The Amtrak California Zephyr is scheduled to leave at 8:05 am, with boarding starting 20 minutes ahead of time. We had two bags to check which needed to be checked in 45 minutes before departure time. We had plenty of time. After checking in our bags, Ann walked around Union Station to enjoy the beautiful architecture as the sun rose over downtown Denver.

The man at the Amtrak ticket window said we should start heading over to Track 4 at 7:30 am. After scanning our electronic ticket from our phone at train side, they let us board our sleeping car.

Dropping our carry on bags in our roomettes, we headed straight for the dining car for breakfast. Ann had orange juice, scrambled eggs with Swiss cheese and veggies, roasted potatoes, and a croissant. Keith substituted an omelette and cheddar cheese for the scrambled eggs and a coffee. By the time we finished breakfast, we were just pulling out of the Denver station.
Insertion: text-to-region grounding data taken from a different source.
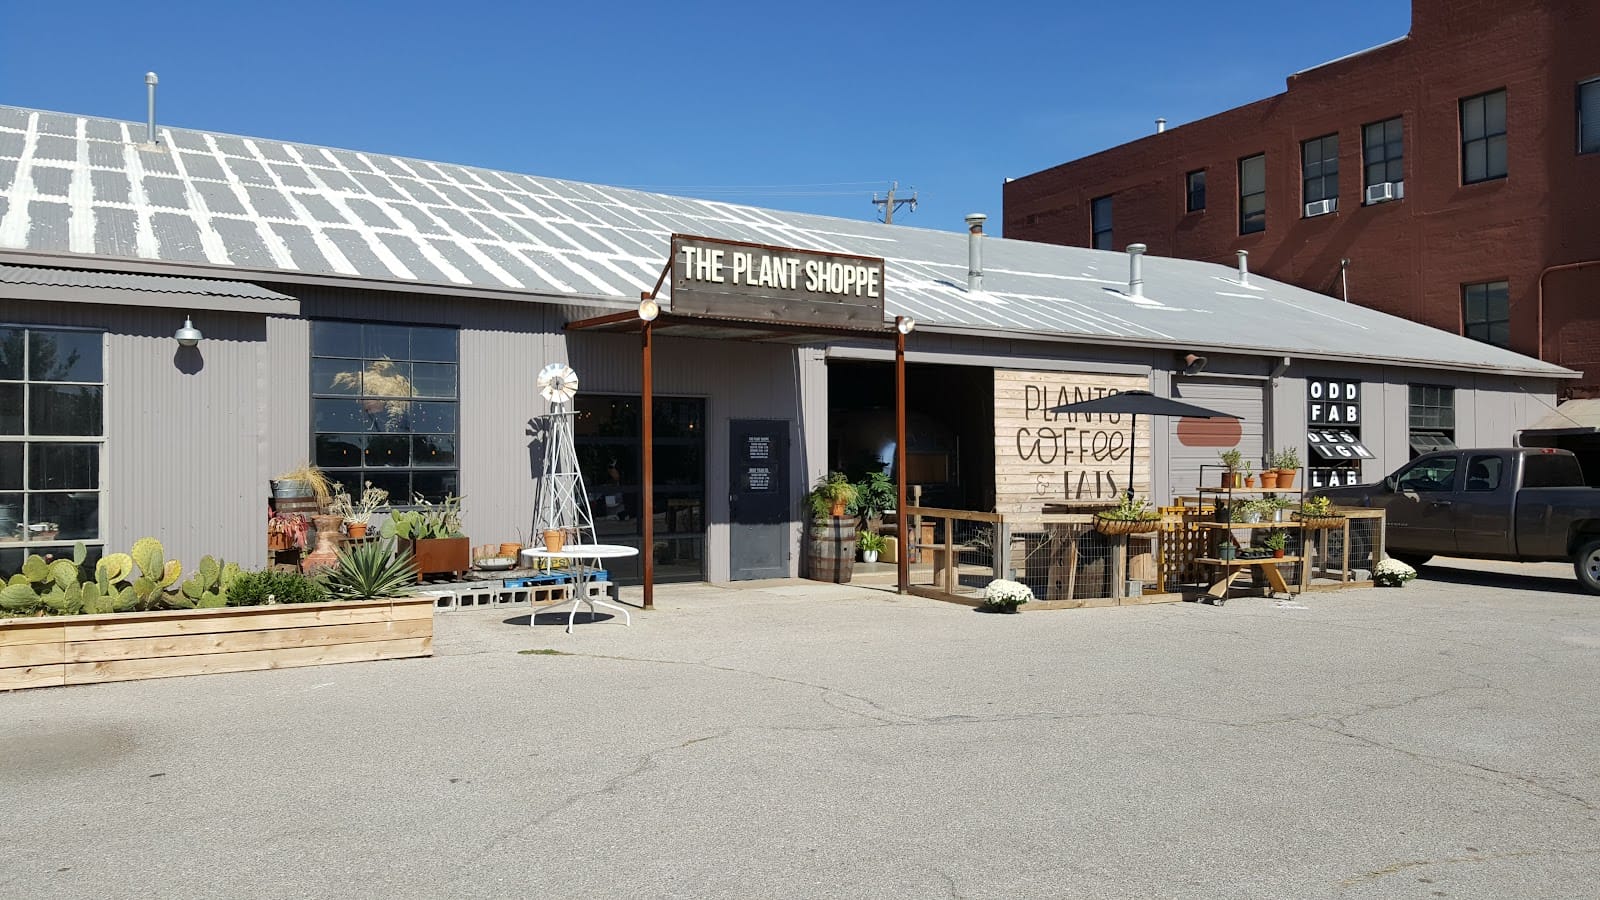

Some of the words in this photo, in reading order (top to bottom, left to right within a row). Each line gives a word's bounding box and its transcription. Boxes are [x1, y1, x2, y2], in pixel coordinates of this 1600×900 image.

[682, 246, 725, 284] THE
[732, 252, 800, 290] PLANT
[805, 259, 880, 298] SHOPPE
[1310, 381, 1357, 400] ODD
[1311, 404, 1357, 422] FAB
[1036, 474, 1050, 496] &
[1063, 470, 1118, 500] EATS
[1312, 470, 1357, 487] LAB
The train starts winding its way up into the mountains. The first large curve is called Big Ten Curve. It is a 270 degree turn with a wind break of hopper rail cars filled with cement and welded to a track.

From there the train enters the tunnel district. The train ducks in and out of about 30 tunnels, with jagged rocky cliffs surrounding the train in between. At first, there are expansive views across the plains. Then you enter another tunnel and come out surrounded by mountains.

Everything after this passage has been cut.